A faithful copy of the entries is required, with no images in it.

++++ INFORMATION SHOWN

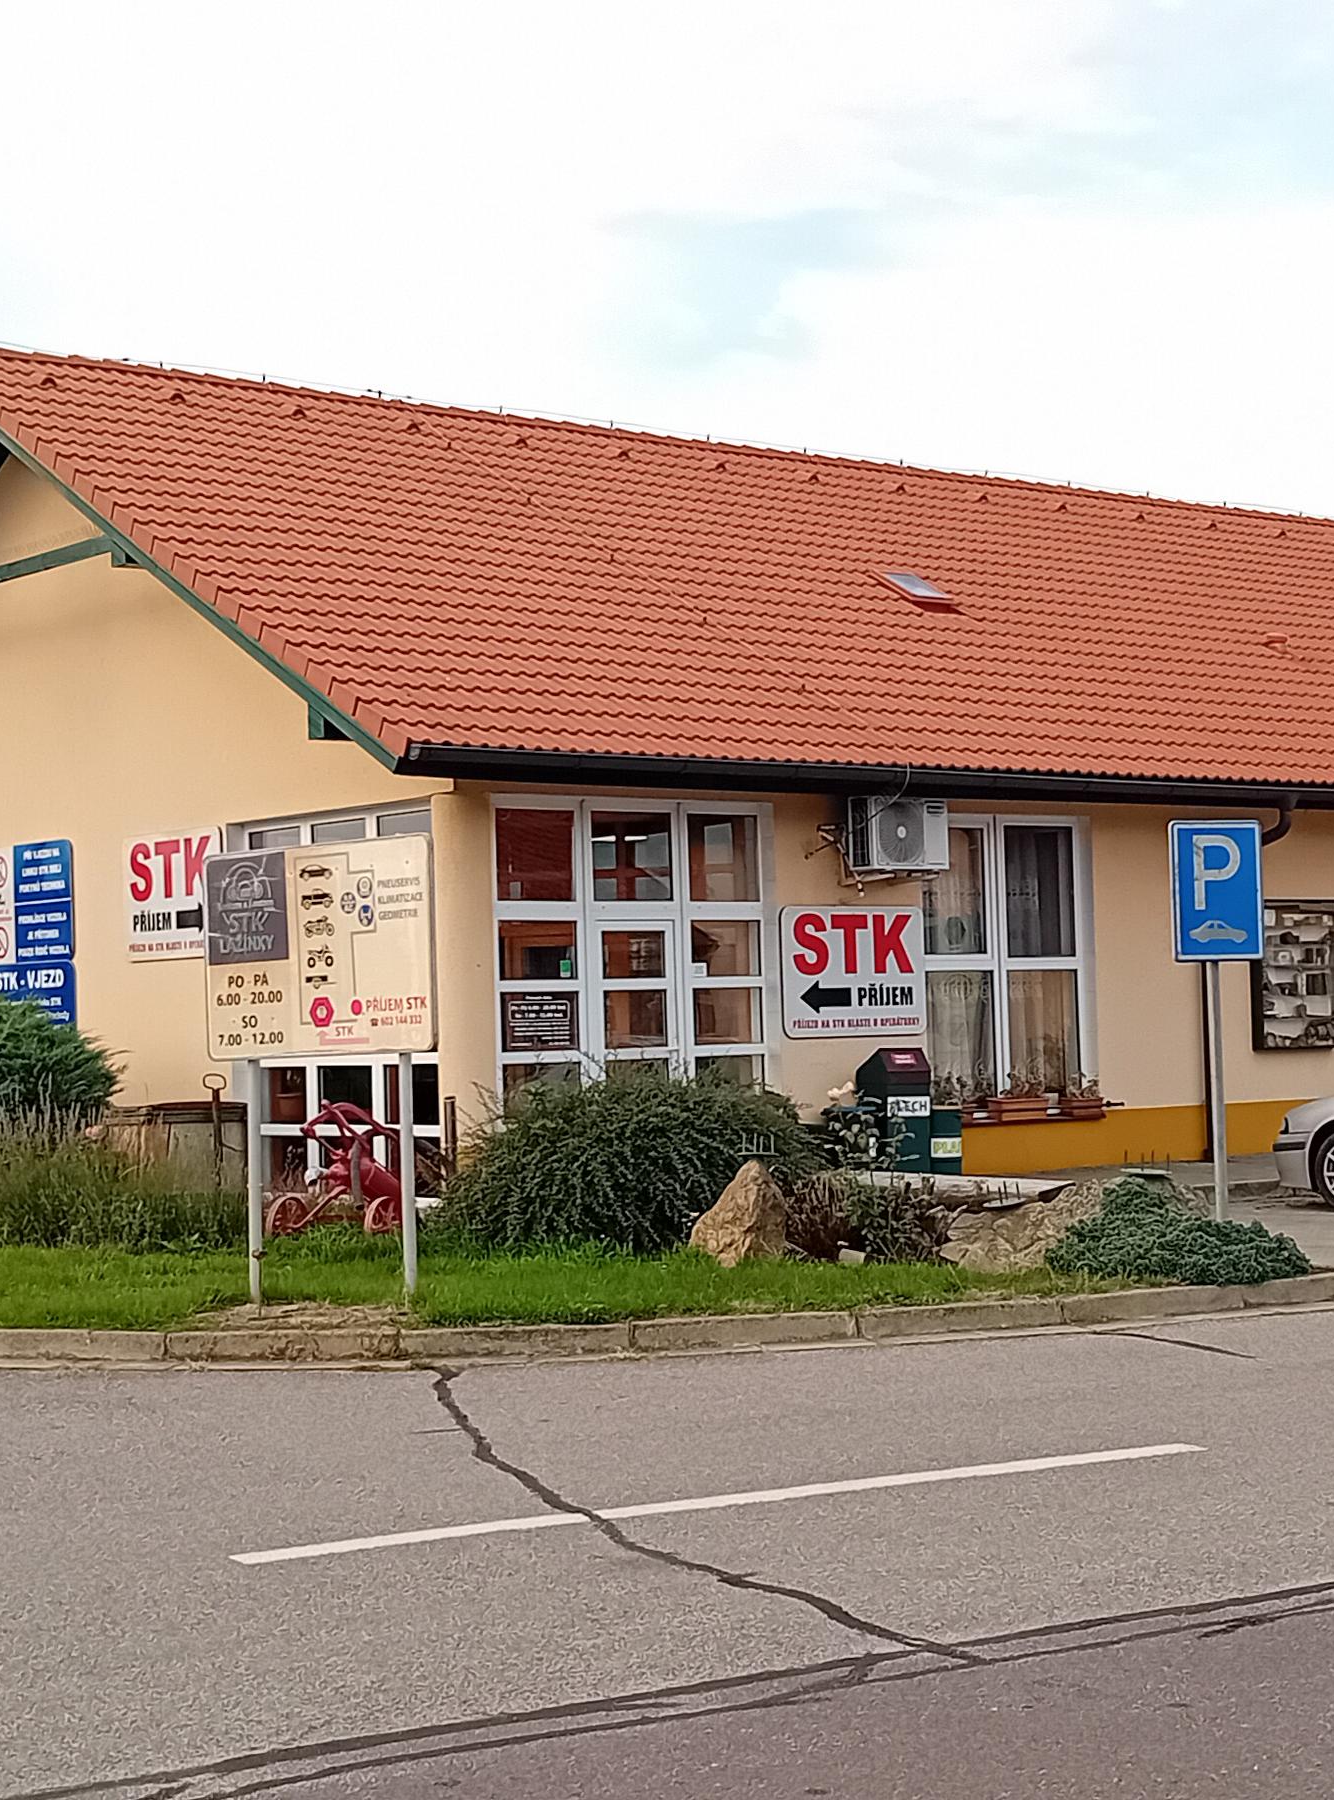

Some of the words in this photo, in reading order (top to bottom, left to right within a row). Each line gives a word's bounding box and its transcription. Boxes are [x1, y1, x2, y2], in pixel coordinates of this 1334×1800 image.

[130, 835, 211, 902] STK
[1192, 834, 1241, 910] P
[377, 876, 420, 888] PNEUSERVIS
[377, 892, 423, 904] KLIMATIZACE
[133, 910, 172, 932] PŘÍJEM
[229, 912, 265, 933] STK
[378, 908, 418, 921] GEOMETRIE
[792, 913, 915, 976] STK
[26, 969, 64, 989] VJEZD
[228, 975, 245, 989] PO
[253, 971, 269, 986] PÁ
[216, 992, 241, 1006] 6.00
[250, 990, 283, 1005] 20.00
[857, 983, 914, 1007] PŘÍJEM
[366, 996, 403, 1012] PŘÍJEM
[406, 997, 427, 1010] STK
[241, 1015, 258, 1029] SO
[821, 1019, 830, 1028] NA
[833, 1019, 845, 1028] STK
[218, 1033, 242, 1046] 7.00
[252, 1031, 284, 1045] 12.00
[335, 1026, 354, 1037] STK

++++++++

• _EXERCISE SOLUTION_:
Some of the words in this photo, in reading order (top to bottom, left to right within a row). Each line gives a word's bounding box and its transcription. Boxes are [x1, y1, x2, y2], in pixel coordinates of this 1334×1800 image.

[130, 835, 211, 902] STK
[1192, 834, 1241, 910] P
[377, 876, 420, 888] PNEUSERVIS
[377, 892, 423, 904] KLIMATIZACE
[133, 910, 172, 932] PŘÍJEM
[229, 912, 265, 933] STK
[378, 908, 418, 921] GEOMETRIE
[792, 913, 915, 976] STK
[26, 969, 64, 989] VJEZD
[228, 975, 245, 989] PO
[253, 971, 269, 986] PÁ
[216, 992, 241, 1006] 6.00
[250, 990, 283, 1005] 20.00
[857, 983, 914, 1007] PŘÍJEM
[366, 996, 403, 1012] PŘÍJEM
[406, 997, 427, 1010] STK
[241, 1015, 258, 1029] SO
[821, 1019, 830, 1028] NA
[833, 1019, 845, 1028] STK
[218, 1033, 242, 1046] 7.00
[252, 1031, 284, 1045] 12.00
[335, 1026, 354, 1037] STK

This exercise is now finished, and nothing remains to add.